[Text-to-region grounding data]
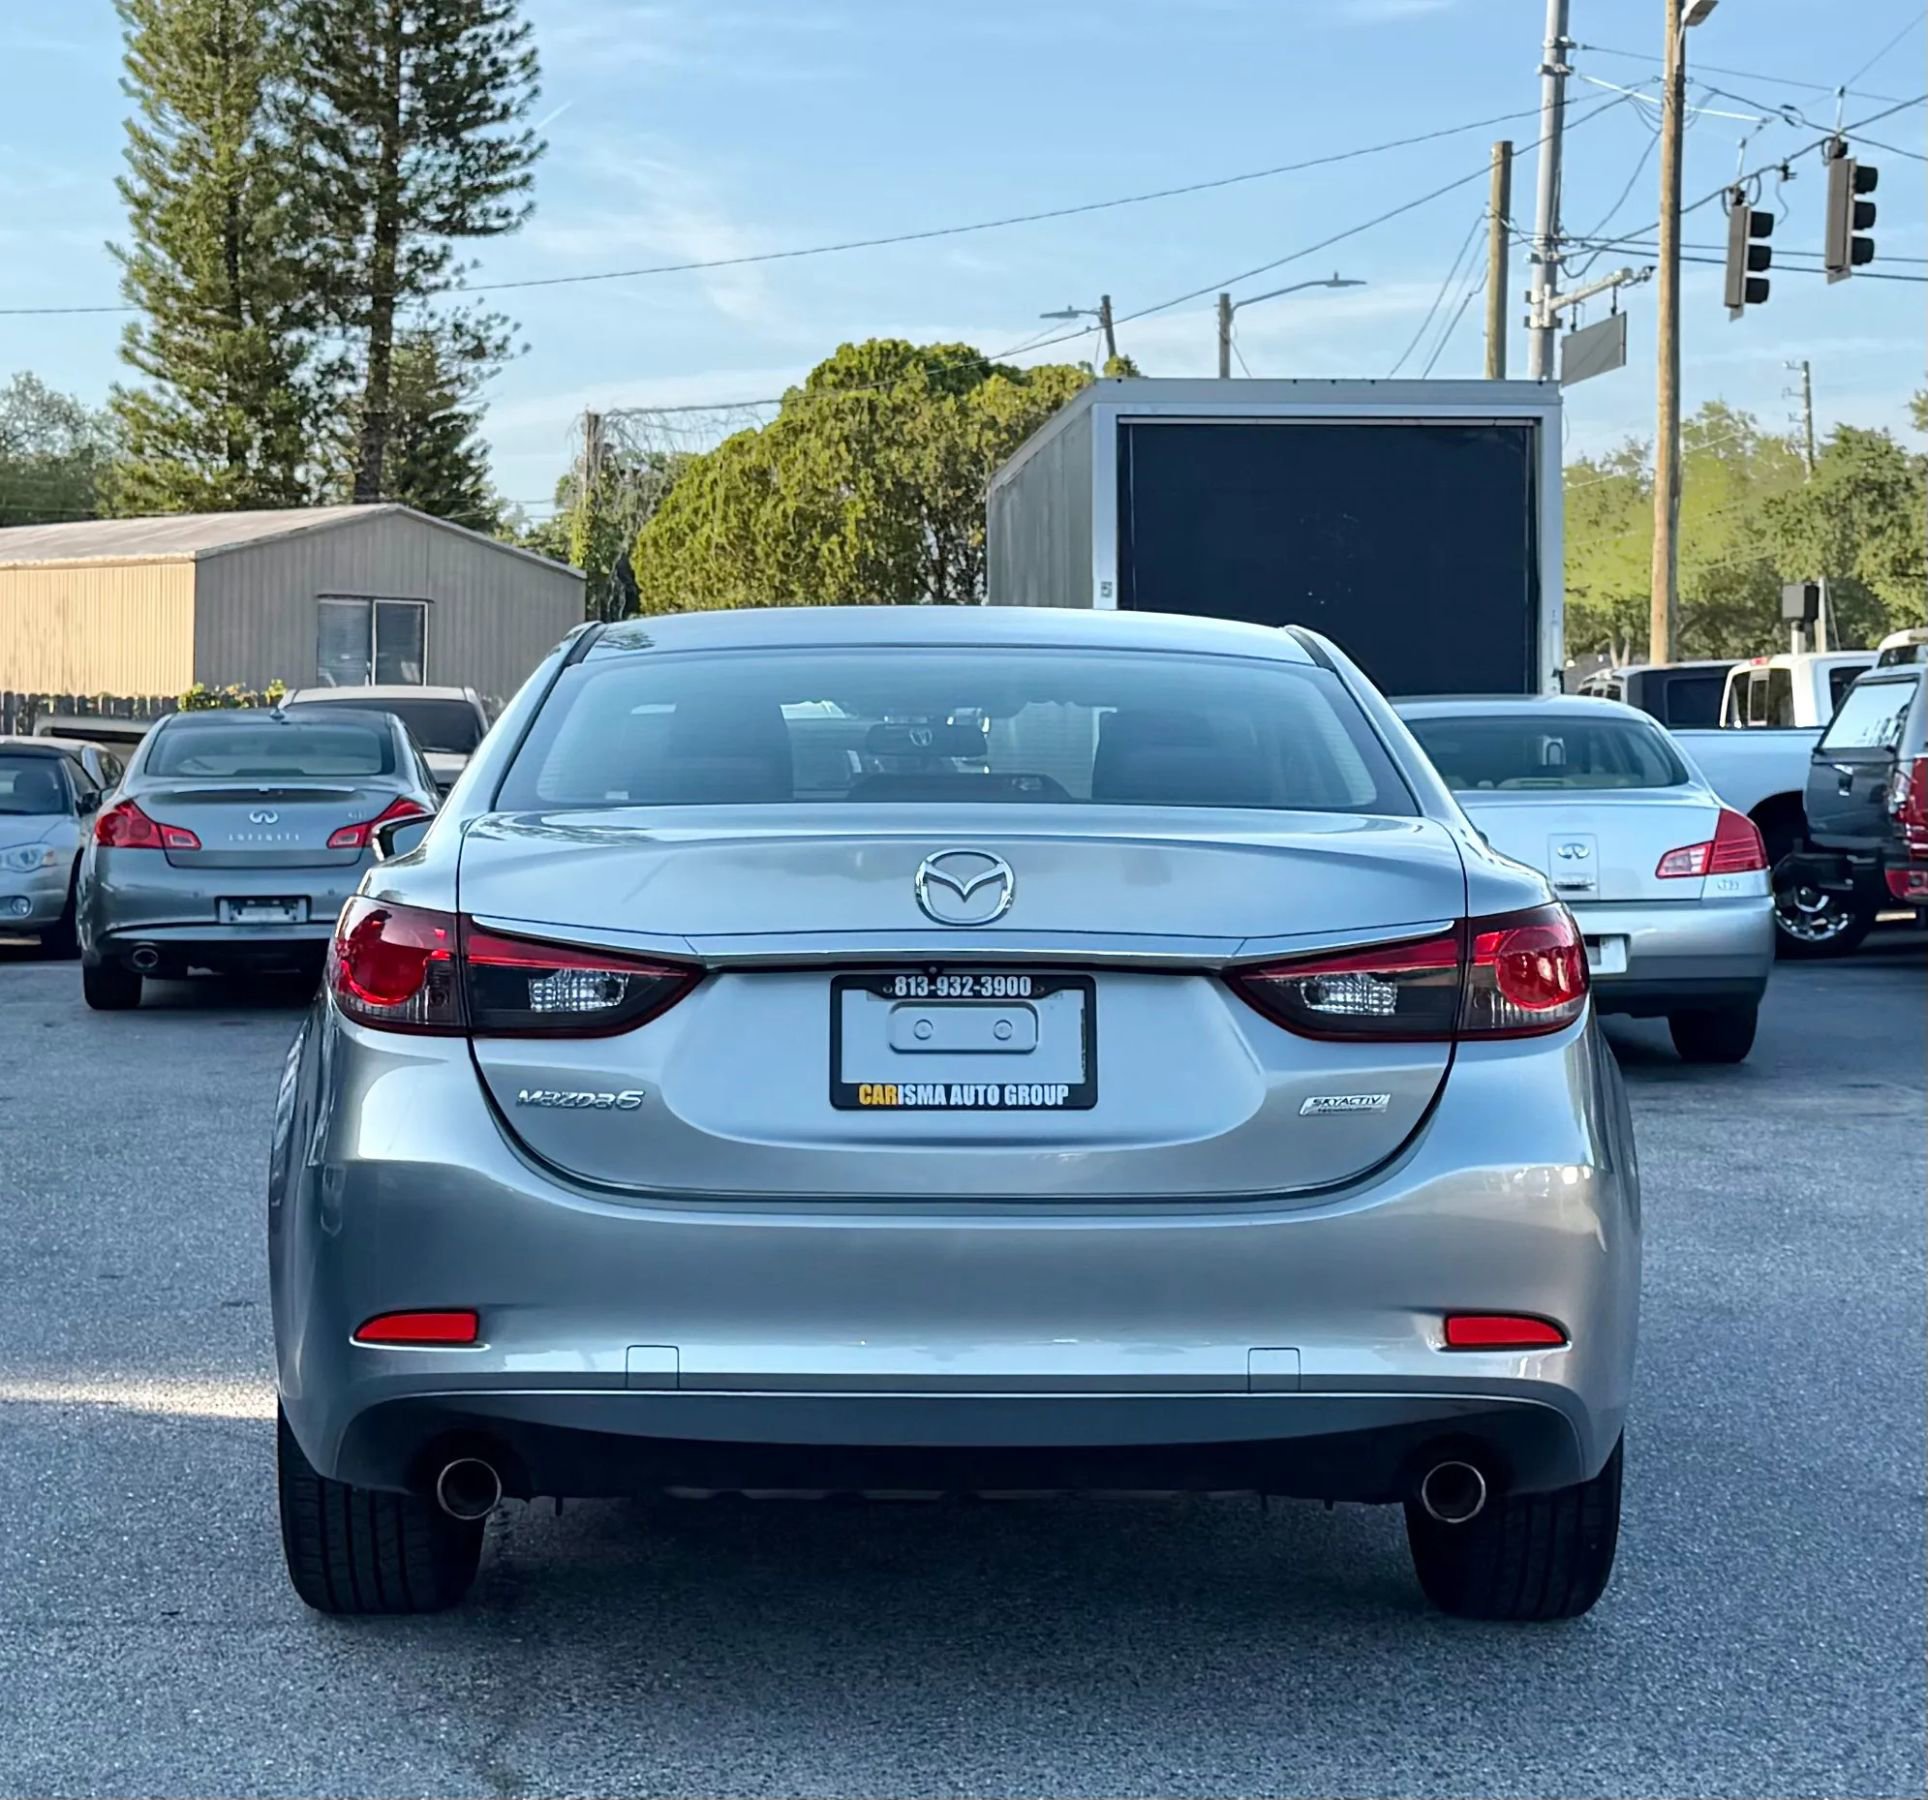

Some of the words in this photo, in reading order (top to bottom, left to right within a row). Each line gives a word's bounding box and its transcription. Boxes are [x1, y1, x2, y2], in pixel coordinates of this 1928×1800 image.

[894, 976, 1031, 997] 813-932-3900
[858, 1084, 946, 1106] CARISMA
[950, 1084, 1000, 1106] AUTO
[1004, 1084, 1069, 1106] GROUP

*Exercise instructions:*
Every line of the data above should be quoted exactly. Omit the pictures.

*Task answer:*
Some of the words in this photo, in reading order (top to bottom, left to right within a row). Each line gives a word's bounding box and its transcription. Boxes are [x1, y1, x2, y2], in pixel coordinates of this 1928×1800 image.

[894, 976, 1031, 997] 813-932-3900
[858, 1084, 946, 1106] CARISMA
[950, 1084, 1000, 1106] AUTO
[1004, 1084, 1069, 1106] GROUP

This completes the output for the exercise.